* [Task]
Your answer should be the full set of entries, given again without alteration.

Saved entries
+++

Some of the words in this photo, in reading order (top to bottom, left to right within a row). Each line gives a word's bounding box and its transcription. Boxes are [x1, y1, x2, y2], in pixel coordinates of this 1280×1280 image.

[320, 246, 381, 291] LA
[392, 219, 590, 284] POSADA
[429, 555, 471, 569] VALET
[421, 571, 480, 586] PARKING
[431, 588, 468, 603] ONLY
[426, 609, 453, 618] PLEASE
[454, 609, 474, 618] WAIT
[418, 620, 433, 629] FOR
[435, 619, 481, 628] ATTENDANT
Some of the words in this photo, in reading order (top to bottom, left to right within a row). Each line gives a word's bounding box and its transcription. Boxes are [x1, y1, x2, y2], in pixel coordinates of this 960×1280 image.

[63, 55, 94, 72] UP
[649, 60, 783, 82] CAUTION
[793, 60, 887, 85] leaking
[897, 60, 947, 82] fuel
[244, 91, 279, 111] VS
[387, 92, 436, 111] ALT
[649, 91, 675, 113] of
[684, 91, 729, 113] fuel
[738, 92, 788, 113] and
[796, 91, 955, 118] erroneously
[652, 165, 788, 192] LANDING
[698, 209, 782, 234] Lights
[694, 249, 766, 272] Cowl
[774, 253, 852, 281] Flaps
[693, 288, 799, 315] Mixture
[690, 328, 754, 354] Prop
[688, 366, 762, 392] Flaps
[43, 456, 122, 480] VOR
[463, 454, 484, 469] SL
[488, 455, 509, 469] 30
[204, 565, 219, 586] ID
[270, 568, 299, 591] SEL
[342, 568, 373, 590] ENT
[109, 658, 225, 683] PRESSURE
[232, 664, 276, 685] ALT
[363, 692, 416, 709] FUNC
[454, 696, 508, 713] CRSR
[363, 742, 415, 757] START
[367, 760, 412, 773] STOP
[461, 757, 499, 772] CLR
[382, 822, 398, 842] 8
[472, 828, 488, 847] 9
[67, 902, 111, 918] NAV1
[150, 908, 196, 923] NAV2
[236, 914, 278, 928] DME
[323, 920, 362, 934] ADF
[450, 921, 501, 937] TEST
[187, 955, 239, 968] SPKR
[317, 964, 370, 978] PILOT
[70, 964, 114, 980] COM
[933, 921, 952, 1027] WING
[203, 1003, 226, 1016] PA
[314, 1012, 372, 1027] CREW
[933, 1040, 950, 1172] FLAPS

+++

* [Expected output]
Some of the words in this photo, in reading order (top to bottom, left to right within a row). Each line gives a word's bounding box and its transcription. Boxes are [x1, y1, x2, y2], in pixel coordinates of this 1280×1280 image.

[320, 246, 381, 291] LA
[392, 219, 590, 284] POSADA
[429, 555, 471, 569] VALET
[421, 571, 480, 586] PARKING
[431, 588, 468, 603] ONLY
[426, 609, 453, 618] PLEASE
[454, 609, 474, 618] WAIT
[418, 620, 433, 629] FOR
[435, 619, 481, 628] ATTENDANT
Some of the words in this photo, in reading order (top to bottom, left to right within a row). Each line gives a word's bounding box and its transcription. Boxes are [x1, y1, x2, y2], in pixel coordinates of this 960×1280 image.

[63, 55, 94, 72] UP
[649, 60, 783, 82] CAUTION
[793, 60, 887, 85] leaking
[897, 60, 947, 82] fuel
[244, 91, 279, 111] VS
[387, 92, 436, 111] ALT
[649, 91, 675, 113] of
[684, 91, 729, 113] fuel
[738, 92, 788, 113] and
[796, 91, 955, 118] erroneously
[652, 165, 788, 192] LANDING
[698, 209, 782, 234] Lights
[694, 249, 766, 272] Cowl
[774, 253, 852, 281] Flaps
[693, 288, 799, 315] Mixture
[690, 328, 754, 354] Prop
[688, 366, 762, 392] Flaps
[43, 456, 122, 480] VOR
[463, 454, 484, 469] SL
[488, 455, 509, 469] 30
[204, 565, 219, 586] ID
[270, 568, 299, 591] SEL
[342, 568, 373, 590] ENT
[109, 658, 225, 683] PRESSURE
[232, 664, 276, 685] ALT
[363, 692, 416, 709] FUNC
[454, 696, 508, 713] CRSR
[363, 742, 415, 757] START
[367, 760, 412, 773] STOP
[461, 757, 499, 772] CLR
[382, 822, 398, 842] 8
[472, 828, 488, 847] 9
[67, 902, 111, 918] NAV1
[150, 908, 196, 923] NAV2
[236, 914, 278, 928] DME
[323, 920, 362, 934] ADF
[450, 921, 501, 937] TEST
[187, 955, 239, 968] SPKR
[317, 964, 370, 978] PILOT
[70, 964, 114, 980] COM
[933, 921, 952, 1027] WING
[203, 1003, 226, 1016] PA
[314, 1012, 372, 1027] CREW
[933, 1040, 950, 1172] FLAPS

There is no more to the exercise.